Winterreifen und Räder von Markenherstellern zu Sommerpreisen !
Einlagerung zu günstigen Preisen !
Eine Runde über Eis, Schnee und Winterreifen.
Welcher Typ ist der Richtige?
Vor Ihrer Reifenentscheidung sollten Sie Folgendes wissen: Die Breite eines Winterreifens sollte der Breite Ihrer Sommerbereifung entsprechen. Breitreifen bieten grundsätzlich eine höhere Kurvenstabilität und Lenkpräzision. Allgemein verbessern Breitreifen alle für die Fahrsicherheit relevanten Eigenschaften Ihres Fahrzeuges.

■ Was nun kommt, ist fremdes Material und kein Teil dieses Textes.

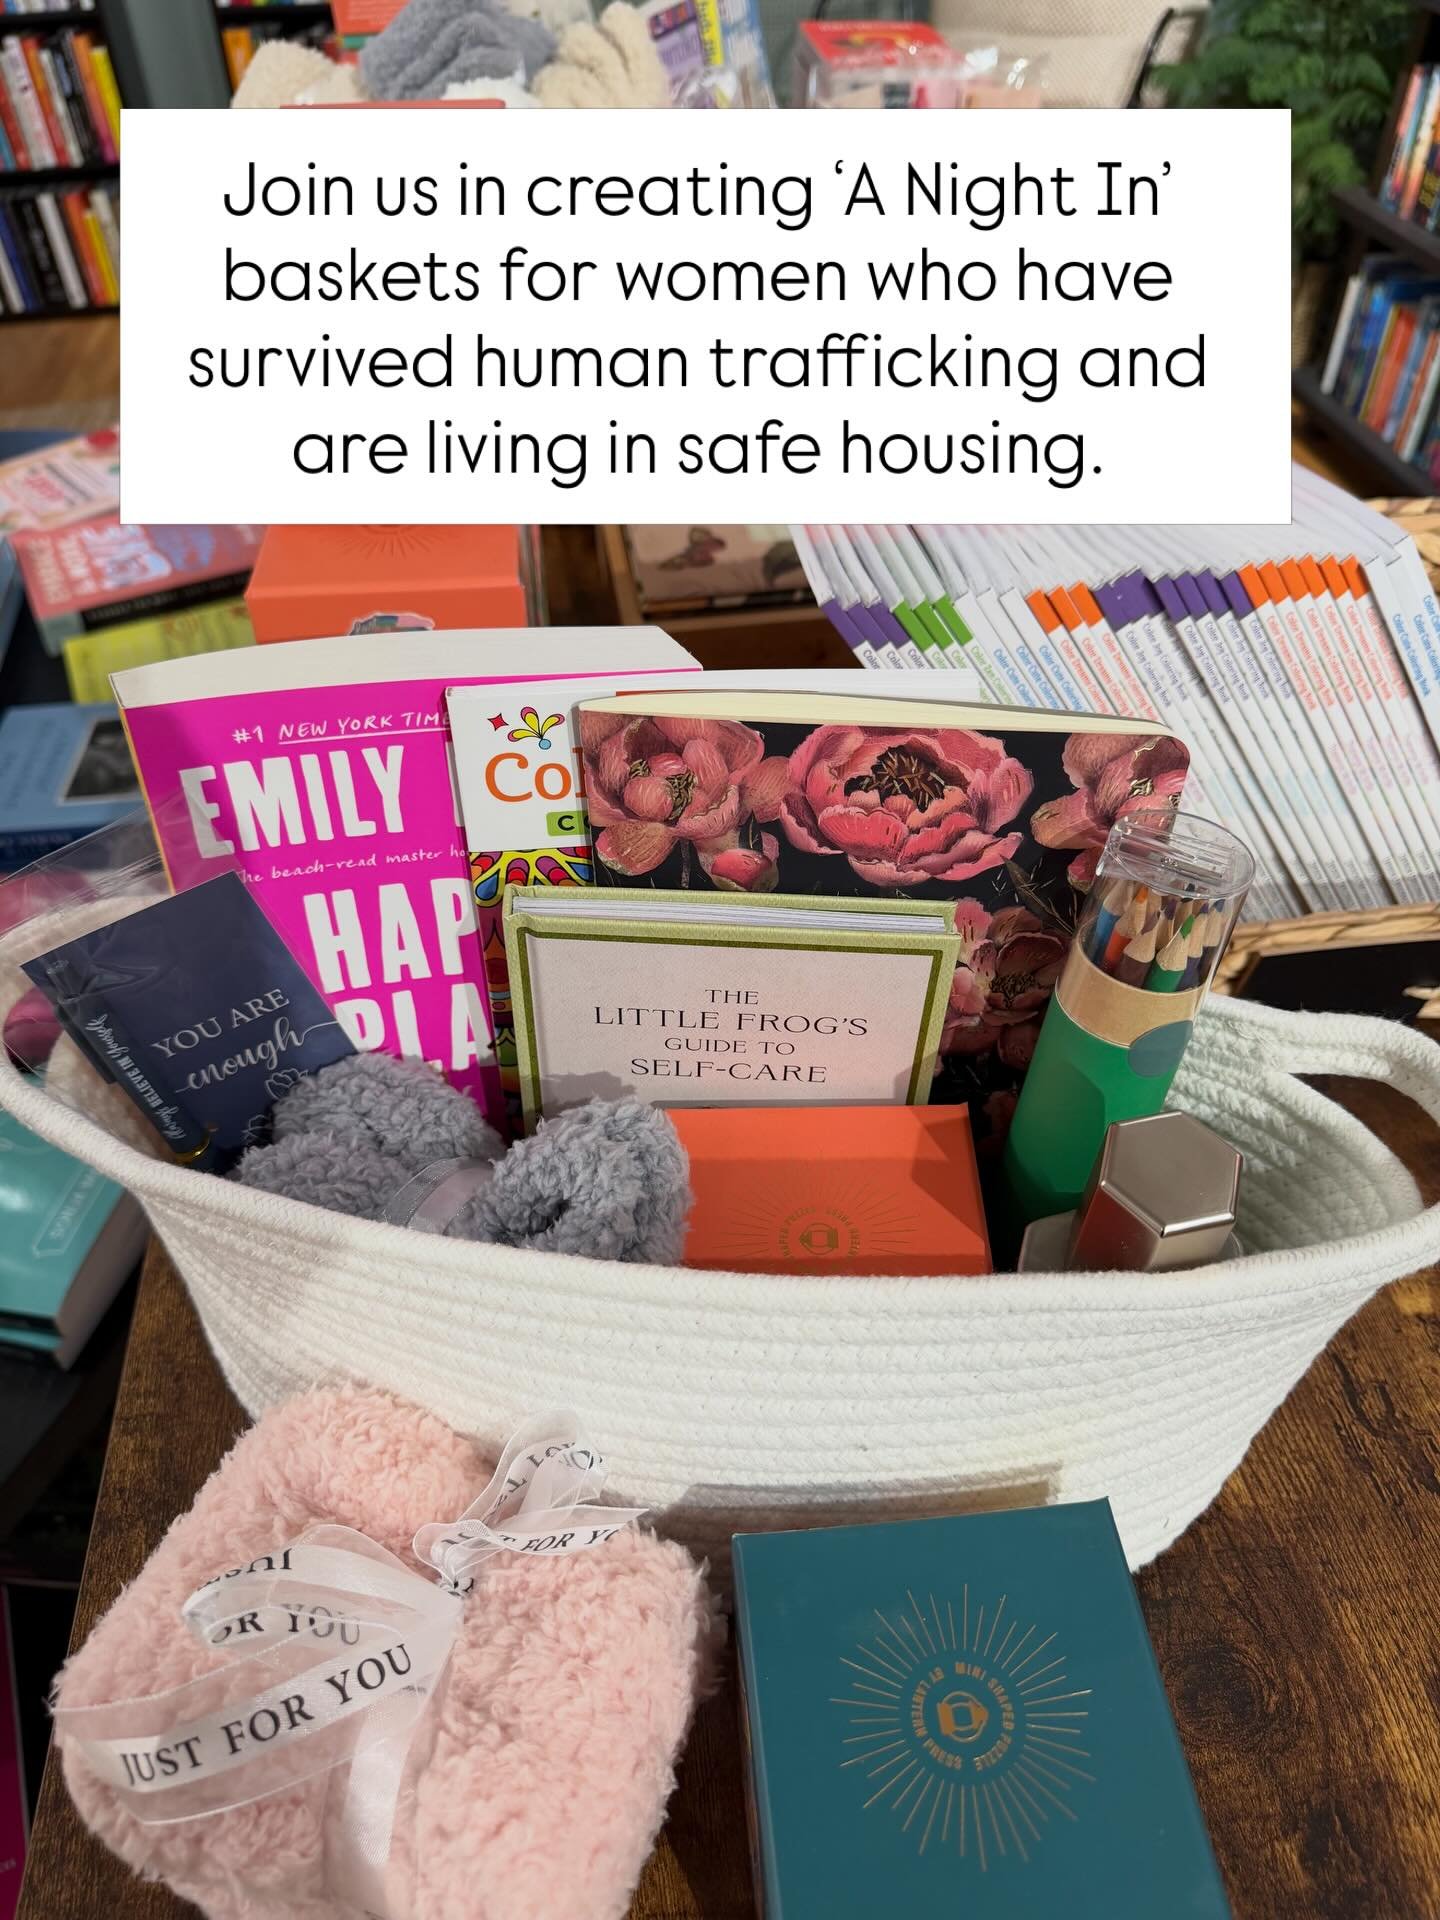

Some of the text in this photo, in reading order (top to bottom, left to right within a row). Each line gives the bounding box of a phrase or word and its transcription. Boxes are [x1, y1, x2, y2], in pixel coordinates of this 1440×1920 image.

[1422, 595, 1436, 615] Color
[1412, 614, 1427, 634] Color
[907, 648, 924, 669] Color
[970, 645, 987, 665] Color
[993, 648, 1010, 668] Color
[1015, 645, 1032, 665] Color
[1037, 645, 1055, 666] Color
[1391, 614, 1432, 696] Color Cute Coloring Book
[232, 726, 263, 744] #1
[279, 720, 327, 740] NEW
[337, 714, 393, 735] YORK
[179, 745, 405, 859] EMILY
[271, 854, 376, 881] beach-read
[386, 850, 443, 868] master
[303, 877, 478, 994] HAP
[705, 989, 760, 1005] THE
[152, 988, 290, 1058] YOU ARE
[594, 1006, 720, 1030] LITTLE
[174, 1016, 337, 1093] enough
[664, 1037, 795, 1056] GUIDE TO
[116, 1053, 135, 1072] IN
[630, 1058, 828, 1083] SELF-CARE
[126, 1063, 164, 1111] BELIEVE
[520, 1532, 576, 1552] FOR
[121, 1643, 412, 1785] JUST FOR YOU
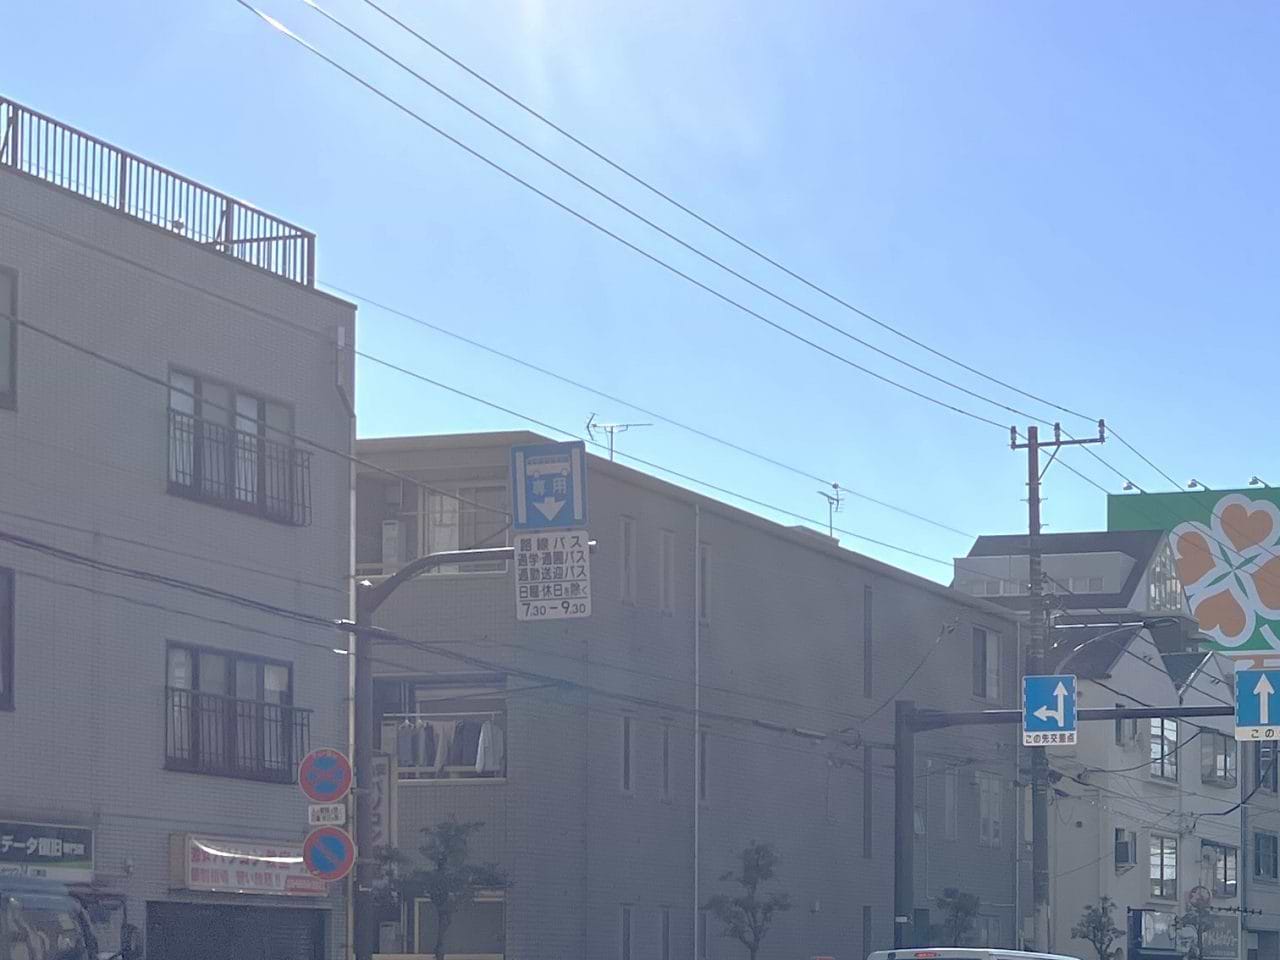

Fahren Sie immer vier Winterreifen derselben Marke mit gleichem Profil und der möglichst gleichen Profiltiefe.
Mitschuld in Haftungsfragen.
Wenn Sie im Winter mit Sommerreifen in eine Unfallsituation geraten, ist eine eventuelle Mitschuld niemals auzuschließen.
Ein solches Beispiel aus der Urteilsbegründung des Amtgerichtes Trier: "Gerät ein vorfahrtberechtigtes Fahrzeug mit Sommerreifen auf verschneiter Straße beim Bremsen ins Schleudern, so trifft den Fahrer trotz seines Vorfahrtsrechts bei einem Unfall ein Mitverschulden."
Man braucht wenig Fantasie, um sich auszurechnen, dass ein neuer Satz Winterreifen allemal preiswerter ist als ein Unfallschaden, der auf Sommerreifen im Winter passiert.
Bis zu 20% besser im Bremsentest.
Keine Frage: Winterreifen sind unschlagbar im Vergleich zu Sommerreifen, wenn es ums Bremsen auf Schnee und Eis geht. Ein Test beweist das ziemlich eindeutig.
Auf Schnee:
Bei einer Geschwindigkeit von 50 km/h beträgt Ihr Bremsweg ca. 35 Meter, während das gleiche Fahrzeug mit Sommerreifen erst nach ca. 43 Metern steht.
Auf Eis:
Bei einer Geschwindigkeit von 30 km/h steht Ihr Fahrzeug mit Winterreifen bereits nach ca. 57 Metern, mit Sommerreifen hat es einen Bremsweg von ca. 68 Metern.